▶ [What needs to be done]
Once the images are removed, set down everything else in the listing below exactly.

▶ [Data extracts]
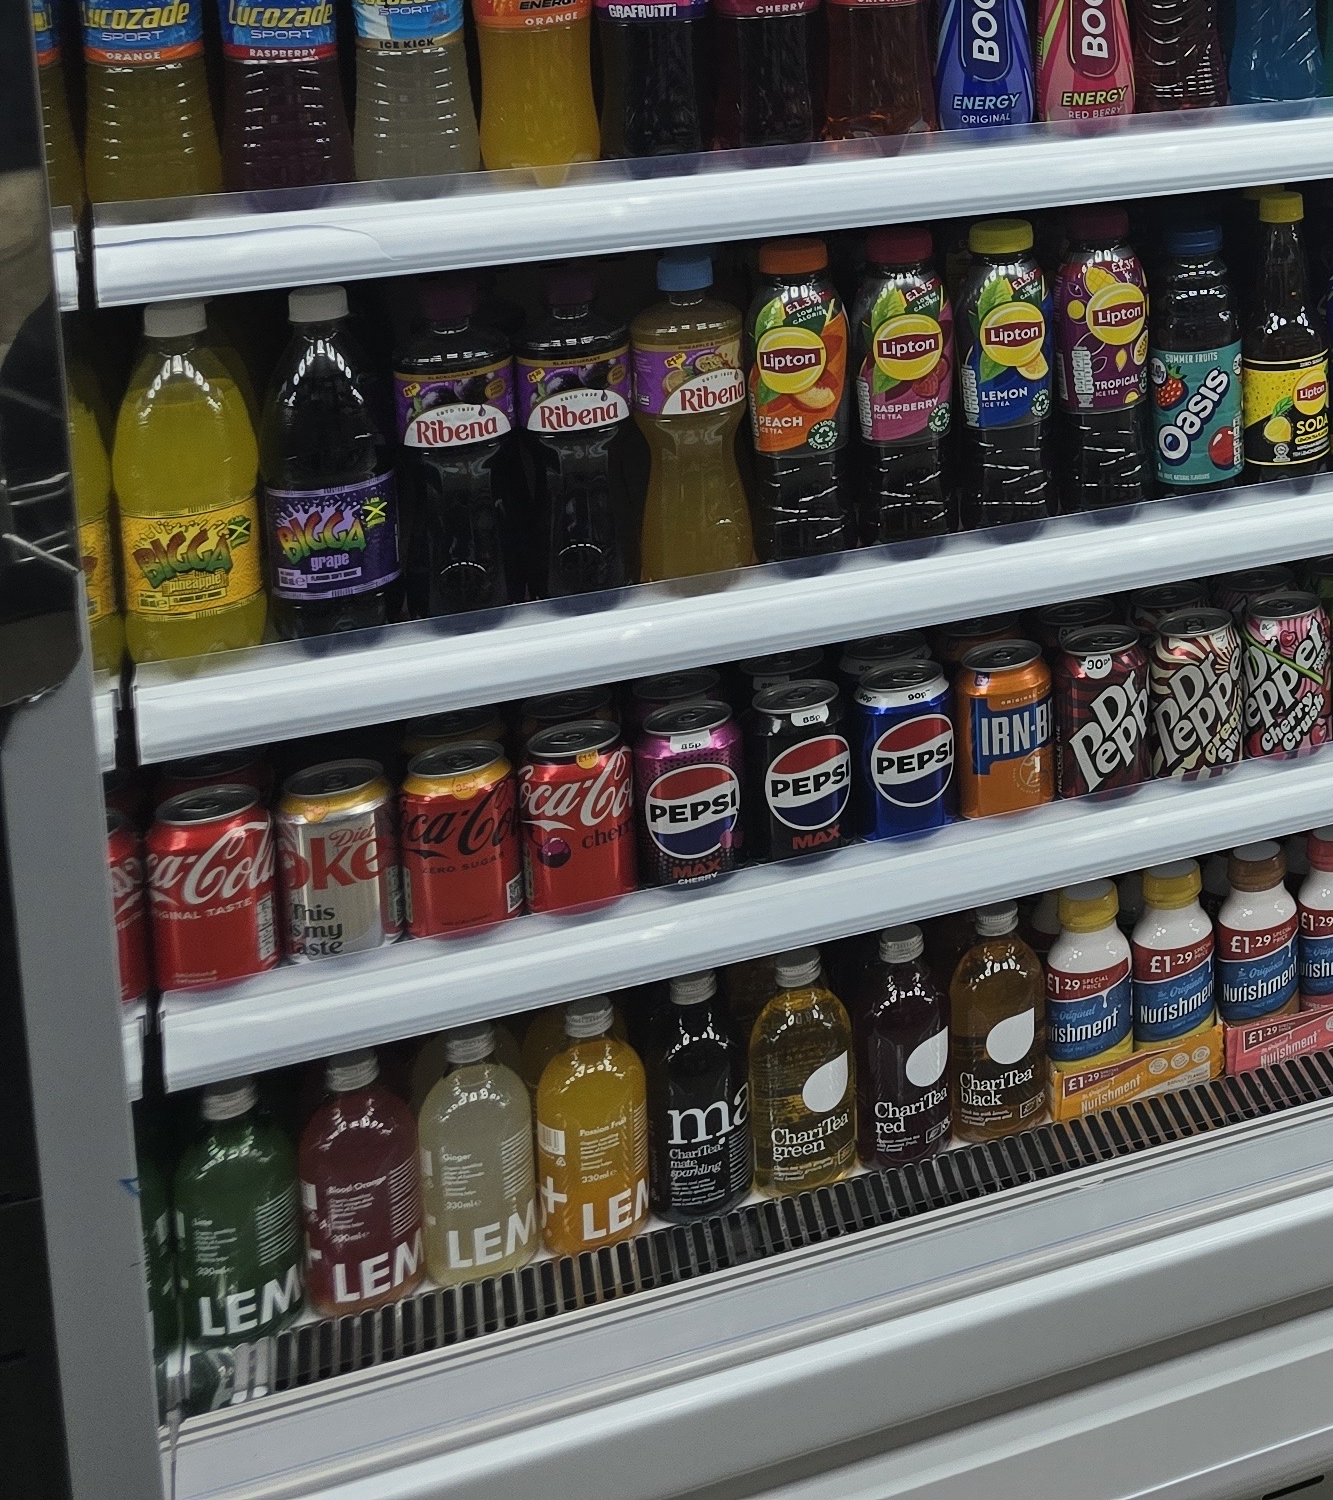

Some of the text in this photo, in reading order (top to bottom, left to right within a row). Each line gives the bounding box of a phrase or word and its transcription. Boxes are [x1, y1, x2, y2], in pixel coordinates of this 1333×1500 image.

[229, 0, 332, 26] Lucozade
[251, 29, 312, 41] SPORT
[379, 37, 434, 49] ICE KICK
[249, 46, 316, 58] RASPBERRY
[961, 112, 1010, 124] ORIGINAL
[1068, 105, 1122, 118] RED BERRY
[984, 323, 1039, 344] Lipton
[877, 335, 935, 357] Lipton
[763, 348, 816, 371] Lipton
[1165, 352, 1218, 363] SUMMER FRUITS
[1095, 376, 1139, 391] TROPICAL
[981, 387, 1028, 401] LEMON
[873, 399, 938, 414] RASPBERRY
[1157, 367, 1228, 459] Oasis
[416, 414, 497, 445] Ribena
[759, 416, 803, 428] PEACH
[277, 508, 366, 565] BIGGA
[311, 552, 350, 569] grape
[771, 762, 850, 798] PEPSI
[649, 791, 737, 824] PEPSI
[792, 826, 841, 850] MAX
[677, 871, 718, 884] CHERRY
[1150, 951, 1192, 973] £1.29
[959, 1067, 1033, 1093] ChariTea
[1068, 1074, 1099, 1093] £1.29
[960, 1089, 1001, 1106] black
[1081, 1074, 1141, 1112] Nurishment

▶ [Solution for this exercise]
Some of the text in this photo, in reading order (top to bottom, left to right within a row). Each line gives the bounding box of a phrase or word and its transcription. Boxes are [x1, y1, x2, y2], in pixel coordinates of this 1333×1500 image.

[229, 0, 332, 26] Lucozade
[251, 29, 312, 41] SPORT
[379, 37, 434, 49] ICE KICK
[249, 46, 316, 58] RASPBERRY
[961, 112, 1010, 124] ORIGINAL
[1068, 105, 1122, 118] RED BERRY
[984, 323, 1039, 344] Lipton
[877, 335, 935, 357] Lipton
[763, 348, 816, 371] Lipton
[1165, 352, 1218, 363] SUMMER FRUITS
[1095, 376, 1139, 391] TROPICAL
[981, 387, 1028, 401] LEMON
[873, 399, 938, 414] RASPBERRY
[1157, 367, 1228, 459] Oasis
[416, 414, 497, 445] Ribena
[759, 416, 803, 428] PEACH
[277, 508, 366, 565] BIGGA
[311, 552, 350, 569] grape
[771, 762, 850, 798] PEPSI
[649, 791, 737, 824] PEPSI
[792, 826, 841, 850] MAX
[677, 871, 718, 884] CHERRY
[1150, 951, 1192, 973] £1.29
[959, 1067, 1033, 1093] ChariTea
[1068, 1074, 1099, 1093] £1.29
[960, 1089, 1001, 1106] black
[1081, 1074, 1141, 1112] Nurishment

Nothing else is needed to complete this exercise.